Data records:

****

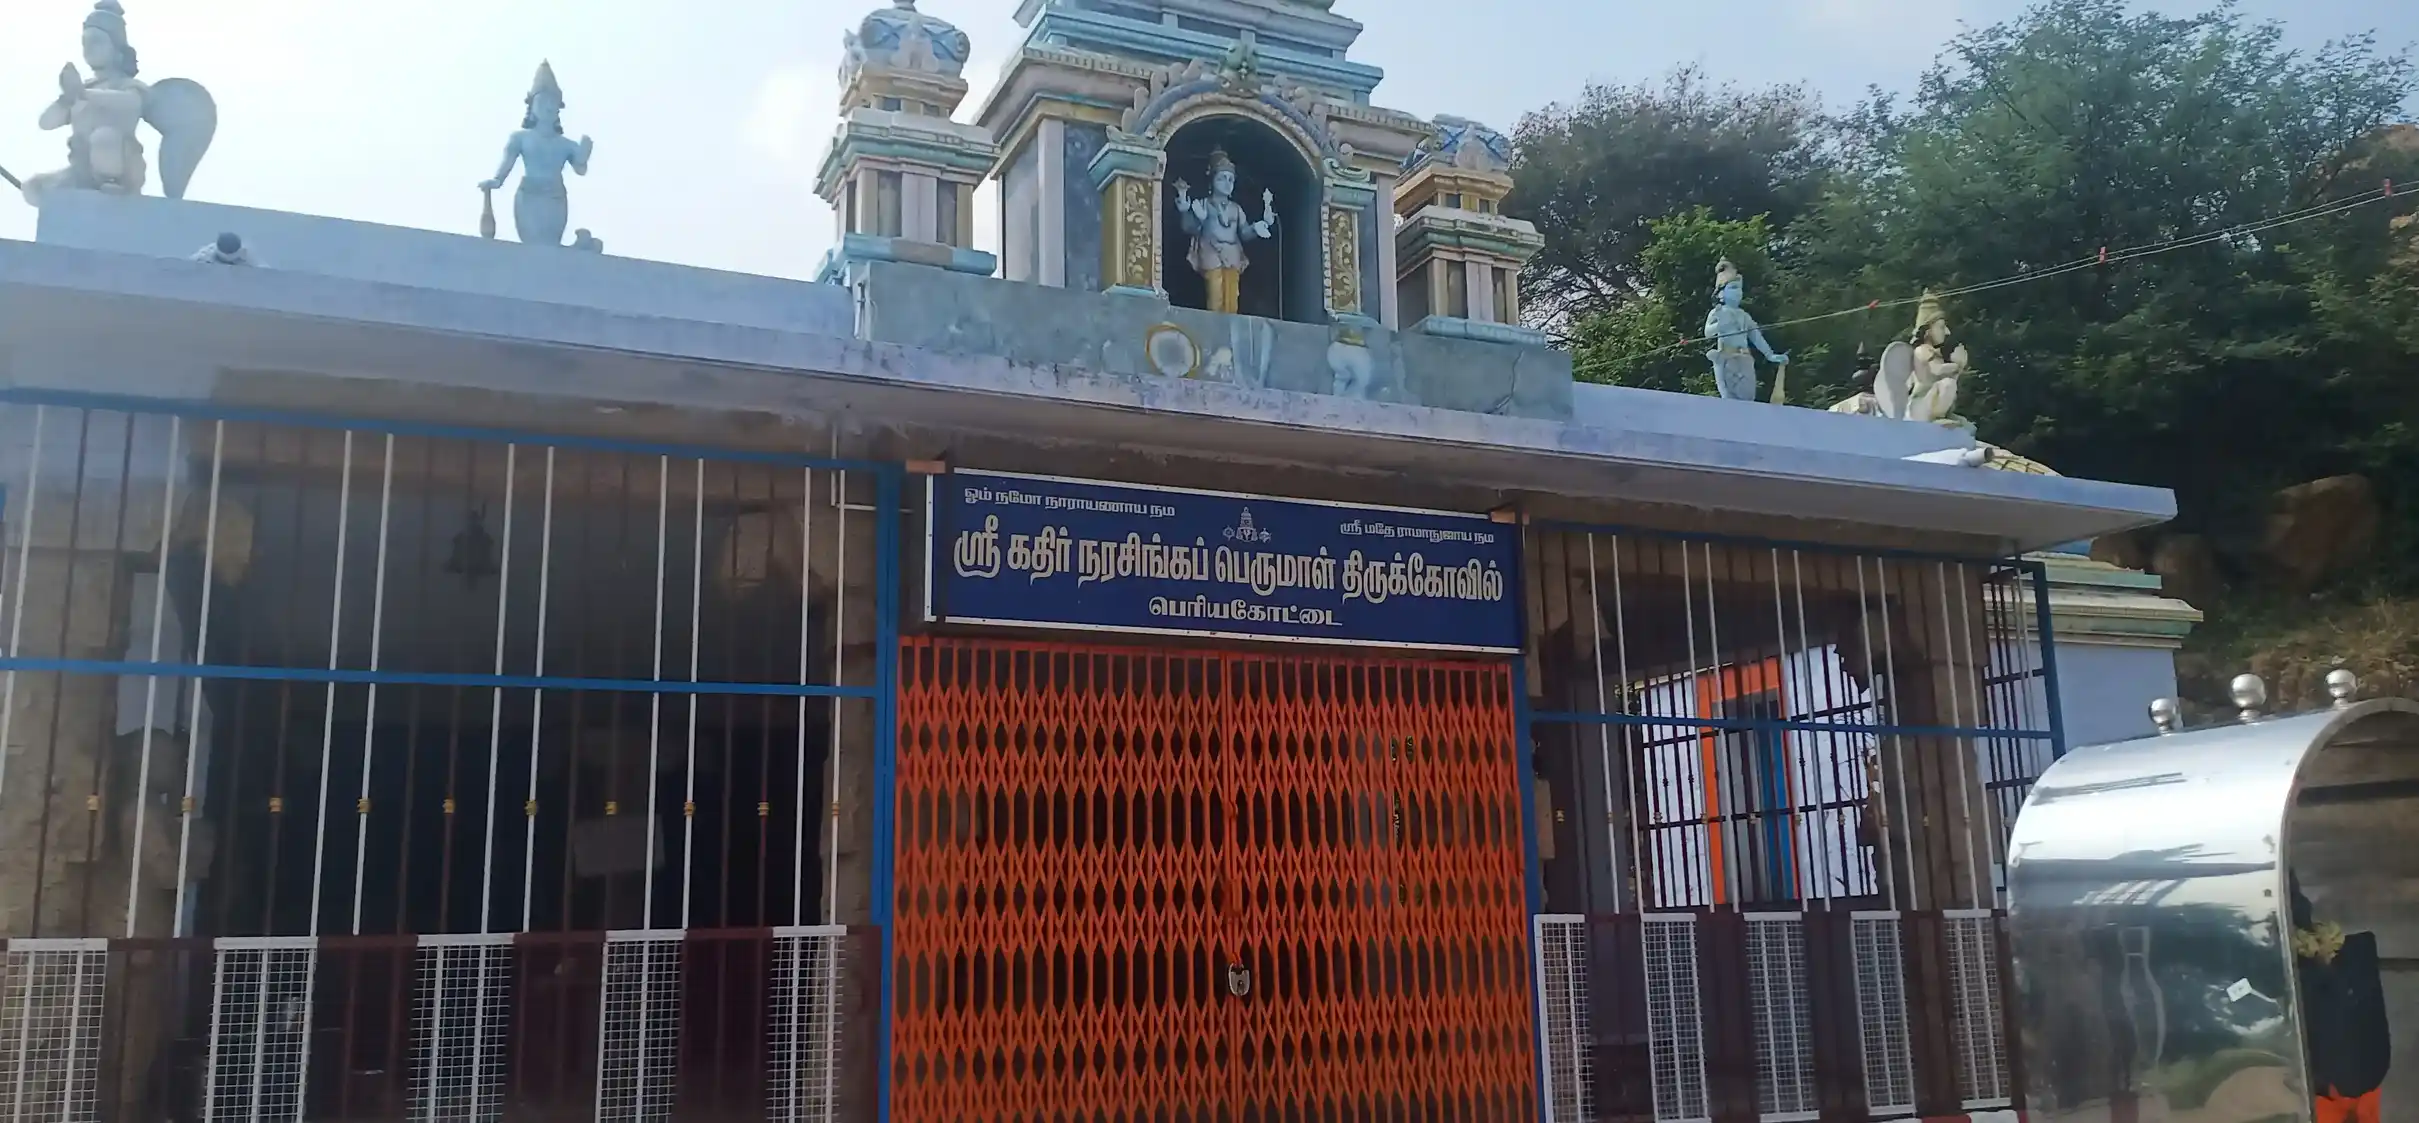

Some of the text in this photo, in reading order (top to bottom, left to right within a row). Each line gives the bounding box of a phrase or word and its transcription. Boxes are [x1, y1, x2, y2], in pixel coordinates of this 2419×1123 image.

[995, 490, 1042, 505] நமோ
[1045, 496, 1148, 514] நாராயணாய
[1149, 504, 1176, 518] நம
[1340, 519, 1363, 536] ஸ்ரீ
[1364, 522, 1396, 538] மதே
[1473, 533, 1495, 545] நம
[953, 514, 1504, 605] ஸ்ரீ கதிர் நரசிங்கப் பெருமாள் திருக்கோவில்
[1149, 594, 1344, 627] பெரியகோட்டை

****

* **Task instructions**:
For the entries above, return an exact copy that omits the images.

* **Response area**:
Some of the text in this photo, in reading order (top to bottom, left to right within a row). Each line gives the bounding box of a phrase or word and its transcription. Boxes are [x1, y1, x2, y2], in pixel coordinates of this 2419×1123 image.

[995, 490, 1042, 505] நமோ
[1045, 496, 1148, 514] நாராயணாய
[1149, 504, 1176, 518] நம
[1340, 519, 1363, 536] ஸ்ரீ
[1364, 522, 1396, 538] மதே
[1473, 533, 1495, 545] நம
[953, 514, 1504, 605] ஸ்ரீ கதிர் நரசிங்கப் பெருமாள் திருக்கோவில்
[1149, 594, 1344, 627] பெரியகோட்டை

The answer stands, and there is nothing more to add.